_Required action_.
Without any of the pictures, print every record below exactly.

### Records provided ###

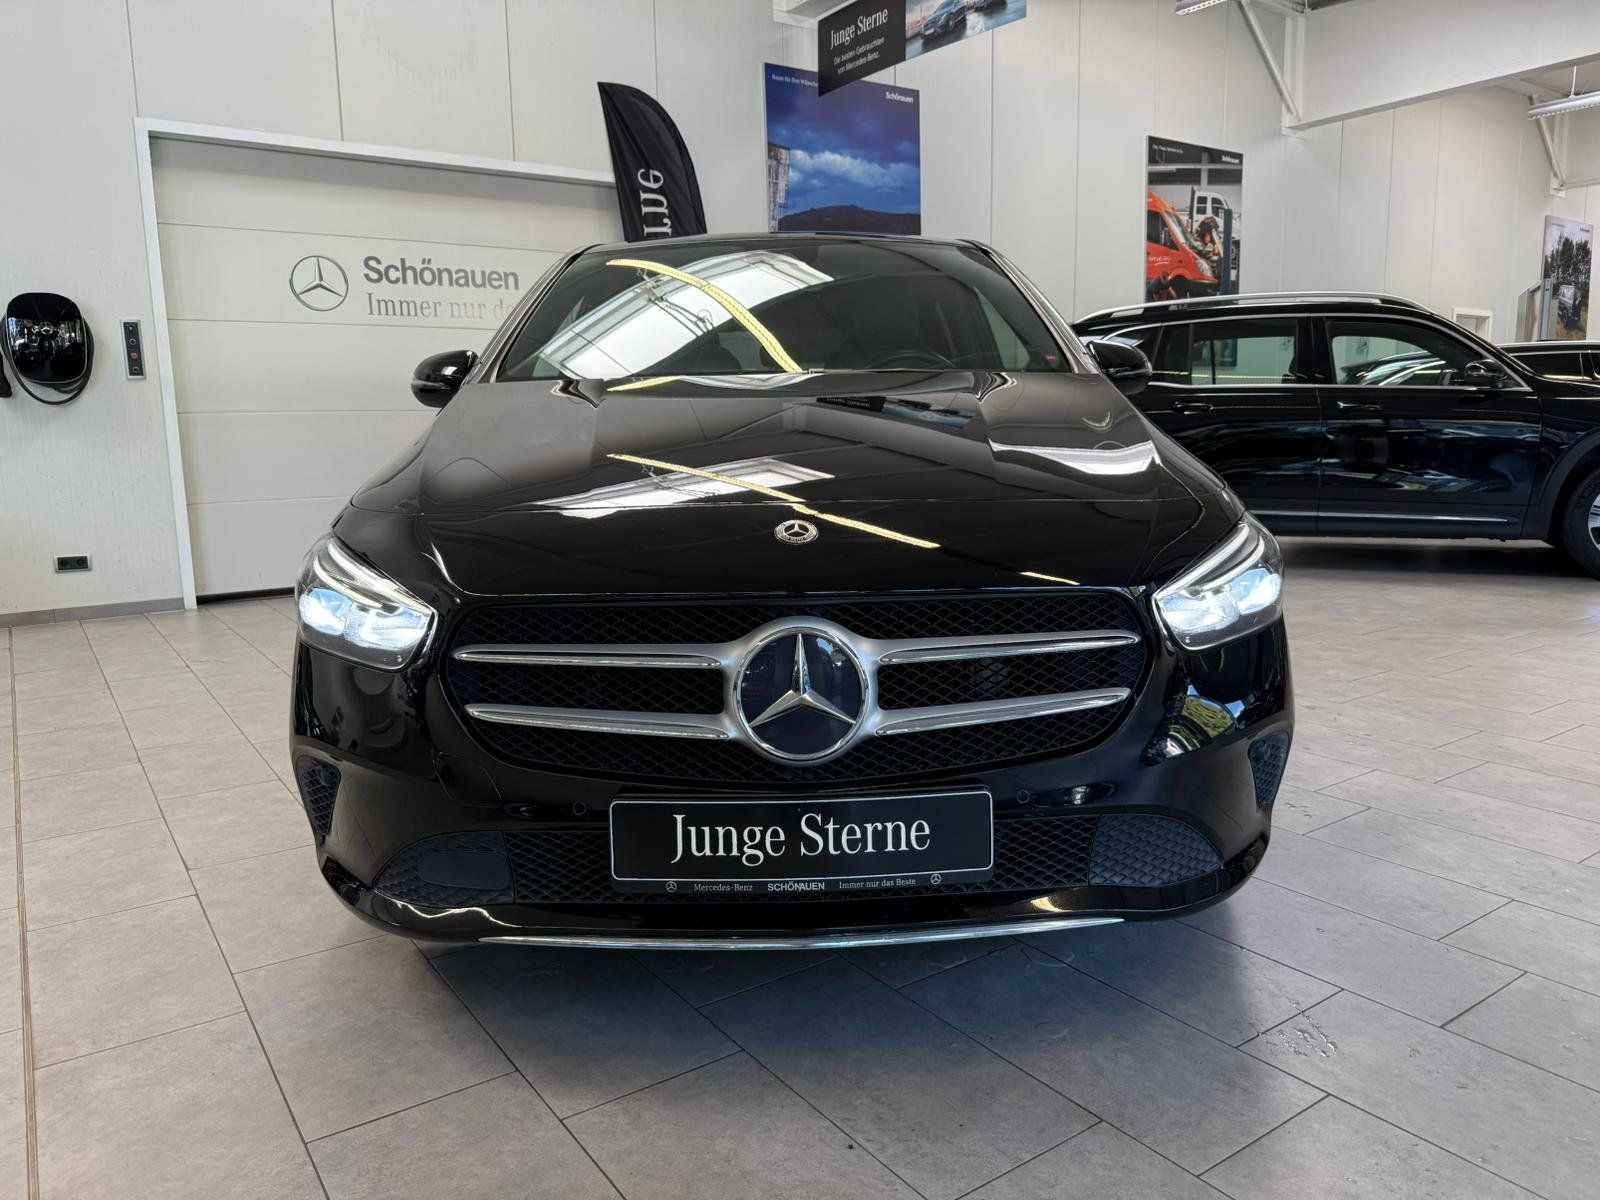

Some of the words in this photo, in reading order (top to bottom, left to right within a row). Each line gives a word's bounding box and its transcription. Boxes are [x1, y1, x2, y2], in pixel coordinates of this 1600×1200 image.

[830, 24, 856, 50] Junge
[857, 8, 889, 36] Sterne
[363, 255, 520, 291] Schönauen
[366, 292, 442, 318] Immer
[447, 301, 487, 320] nur
[671, 813, 786, 867] Junge
[800, 812, 931, 857] Sterne
[693, 883, 753, 892] Mercedes-Benz
[767, 881, 826, 893] SCHÖNAUEN
[839, 881, 864, 889] Immer
[881, 879, 895, 887] das
[896, 878, 917, 886] Beste

###

_Exercise output_.
Some of the words in this photo, in reading order (top to bottom, left to right within a row). Each line gives a word's bounding box and its transcription. Boxes are [x1, y1, x2, y2], in pixel coordinates of this 1600×1200 image.

[830, 24, 856, 50] Junge
[857, 8, 889, 36] Sterne
[363, 255, 520, 291] Schönauen
[366, 292, 442, 318] Immer
[447, 301, 487, 320] nur
[671, 813, 786, 867] Junge
[800, 812, 931, 857] Sterne
[693, 883, 753, 892] Mercedes-Benz
[767, 881, 826, 893] SCHÖNAUEN
[839, 881, 864, 889] Immer
[881, 879, 895, 887] das
[896, 878, 917, 886] Beste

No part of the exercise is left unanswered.